** Records shown follows **

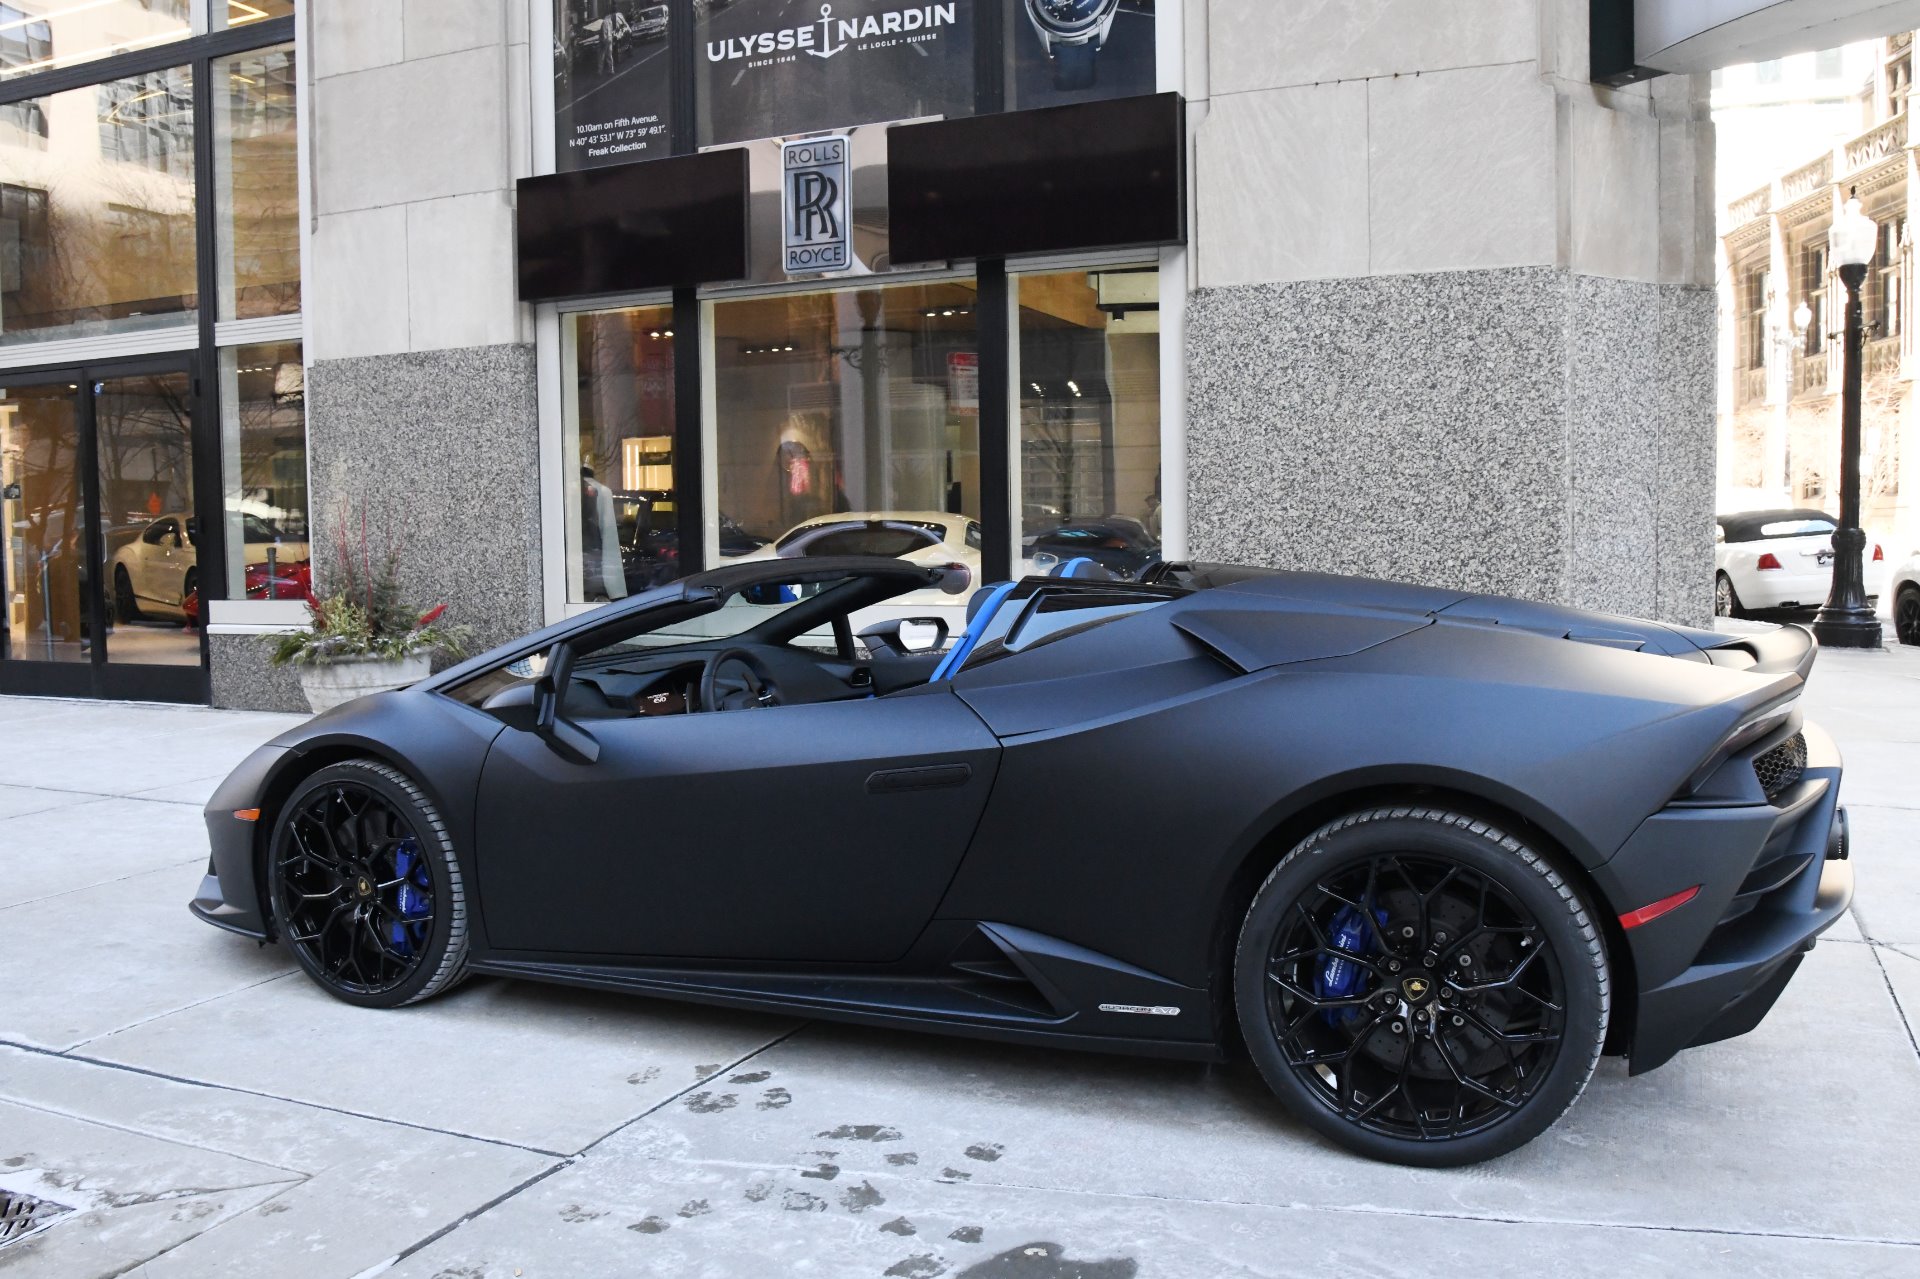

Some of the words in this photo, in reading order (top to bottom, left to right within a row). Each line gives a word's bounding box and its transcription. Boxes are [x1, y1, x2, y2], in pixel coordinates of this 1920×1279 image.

[707, 25, 814, 62] ULYSSE
[838, 2, 955, 41] NARDIN
[858, 43, 867, 51] LE
[870, 39, 896, 49] LOCLE
[907, 33, 937, 43] SUISSE
[748, 58, 773, 68] SINCE
[576, 123, 602, 134] 10.10am
[604, 121, 613, 130] on
[614, 118, 630, 128] Fifth
[631, 114, 659, 126] Avenue.
[569, 139, 575, 147] N
[576, 136, 588, 146] 40°
[616, 131, 625, 140] W
[588, 146, 609, 157] Freak
[609, 141, 647, 154] Collection
[788, 144, 840, 164] ROLLS
[793, 171, 839, 241] RR
[790, 246, 842, 265] ROYCE

** End of Records shown **

What this task involves — Leave the pictures out. Repeat every entry above exactly.

Answer to this exercise —
Some of the words in this photo, in reading order (top to bottom, left to right within a row). Each line gives a word's bounding box and its transcription. Boxes are [x1, y1, x2, y2], in pixel coordinates of this 1920×1279 image.

[707, 25, 814, 62] ULYSSE
[838, 2, 955, 41] NARDIN
[858, 43, 867, 51] LE
[870, 39, 896, 49] LOCLE
[907, 33, 937, 43] SUISSE
[748, 58, 773, 68] SINCE
[576, 123, 602, 134] 10.10am
[604, 121, 613, 130] on
[614, 118, 630, 128] Fifth
[631, 114, 659, 126] Avenue.
[569, 139, 575, 147] N
[576, 136, 588, 146] 40°
[616, 131, 625, 140] W
[588, 146, 609, 157] Freak
[609, 141, 647, 154] Collection
[788, 144, 840, 164] ROLLS
[793, 171, 839, 241] RR
[790, 246, 842, 265] ROYCE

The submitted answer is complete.